Aim of the exercise =
Every record below needs to be written out exactly, apart from the pictures.

Stored data =
────────────────────────────────────────

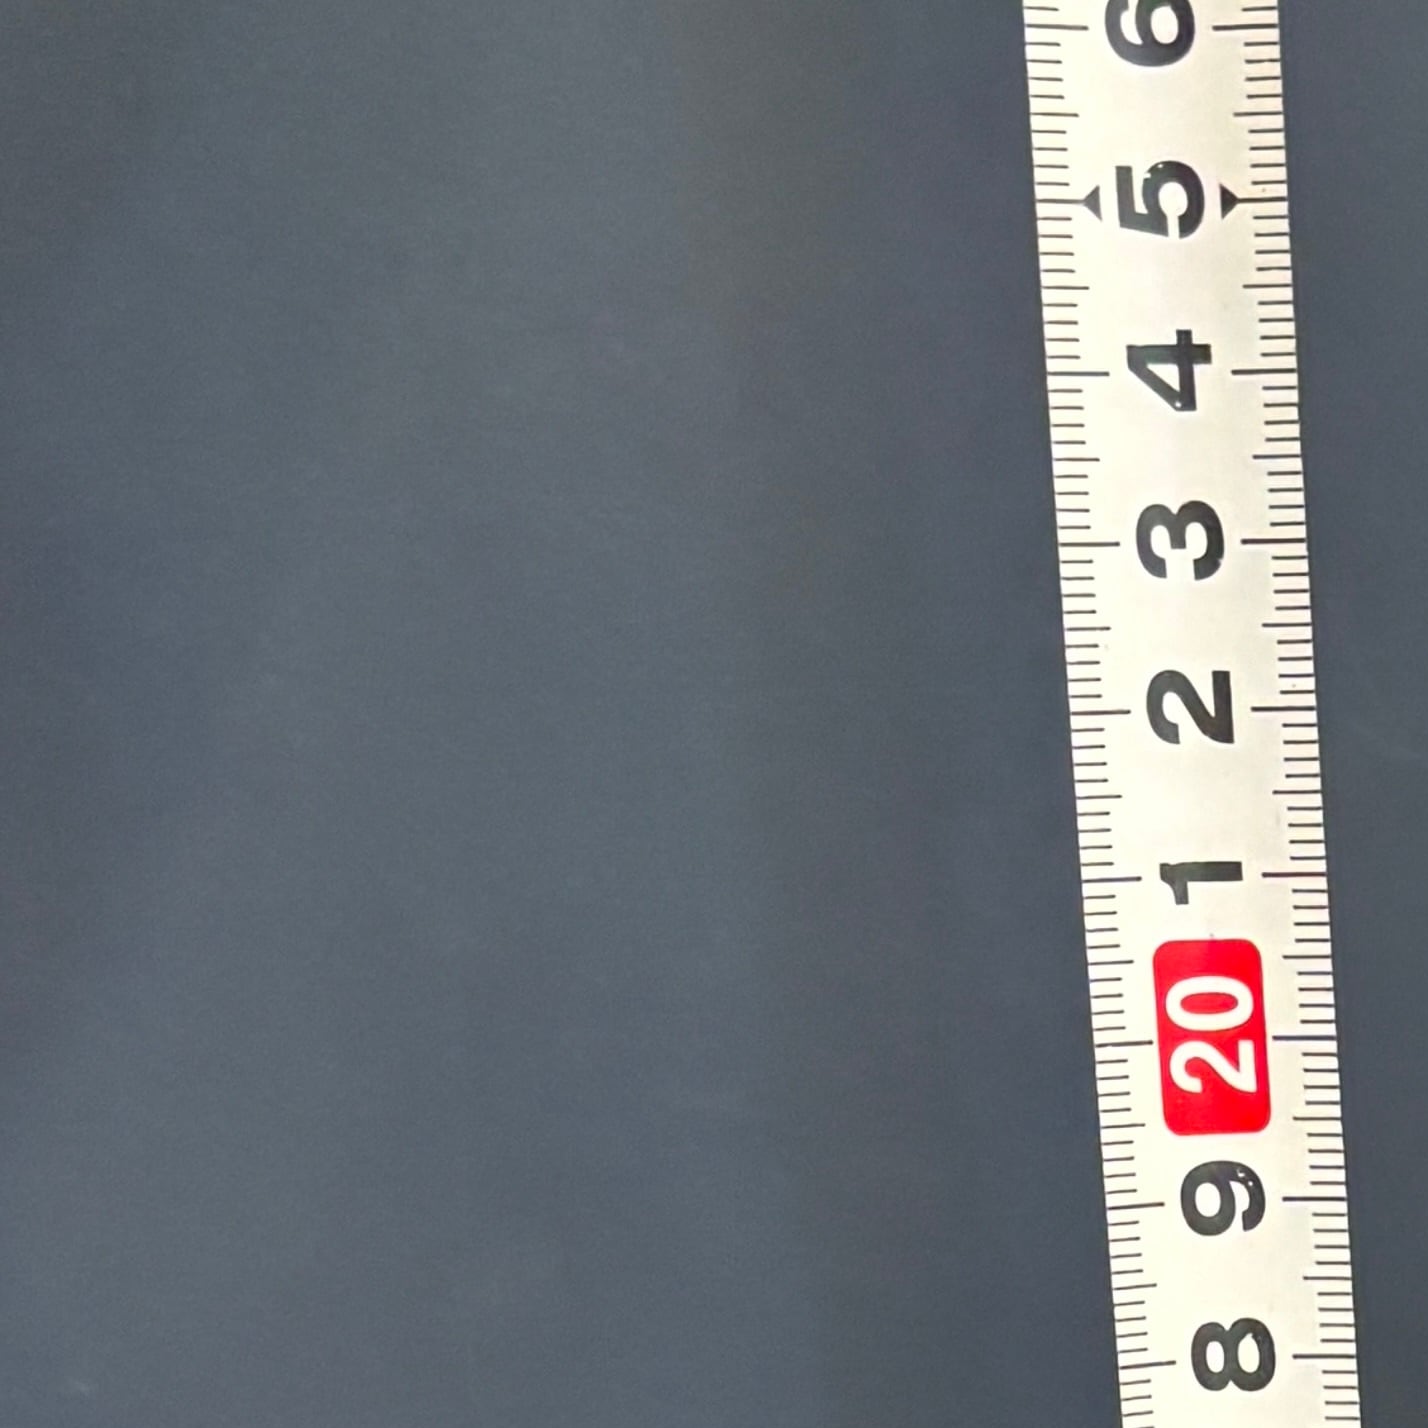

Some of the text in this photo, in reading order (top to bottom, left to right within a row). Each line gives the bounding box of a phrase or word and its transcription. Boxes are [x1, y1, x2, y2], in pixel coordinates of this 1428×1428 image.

[1104, 0, 1195, 67] 6
[1115, 160, 1205, 239] 5
[1126, 329, 1212, 411] 4
[1136, 500, 1225, 581] 3
[1146, 670, 1234, 744] 2
[1159, 861, 1243, 905] 1
[1165, 975, 1257, 1094] 20
[1180, 1160, 1266, 1236] 9
[1191, 1317, 1276, 1392] 8

────────────────────────────────────────

Exercise answer =
Some of the text in this photo, in reading order (top to bottom, left to right within a row). Each line gives the bounding box of a phrase or word and its transcription. Boxes are [x1, y1, x2, y2], in pixel coordinates of this 1428×1428 image.

[1104, 0, 1195, 67] 6
[1115, 160, 1205, 239] 5
[1126, 329, 1212, 411] 4
[1136, 500, 1225, 581] 3
[1146, 670, 1234, 744] 2
[1159, 861, 1243, 905] 1
[1165, 975, 1257, 1094] 20
[1180, 1160, 1266, 1236] 9
[1191, 1317, 1276, 1392] 8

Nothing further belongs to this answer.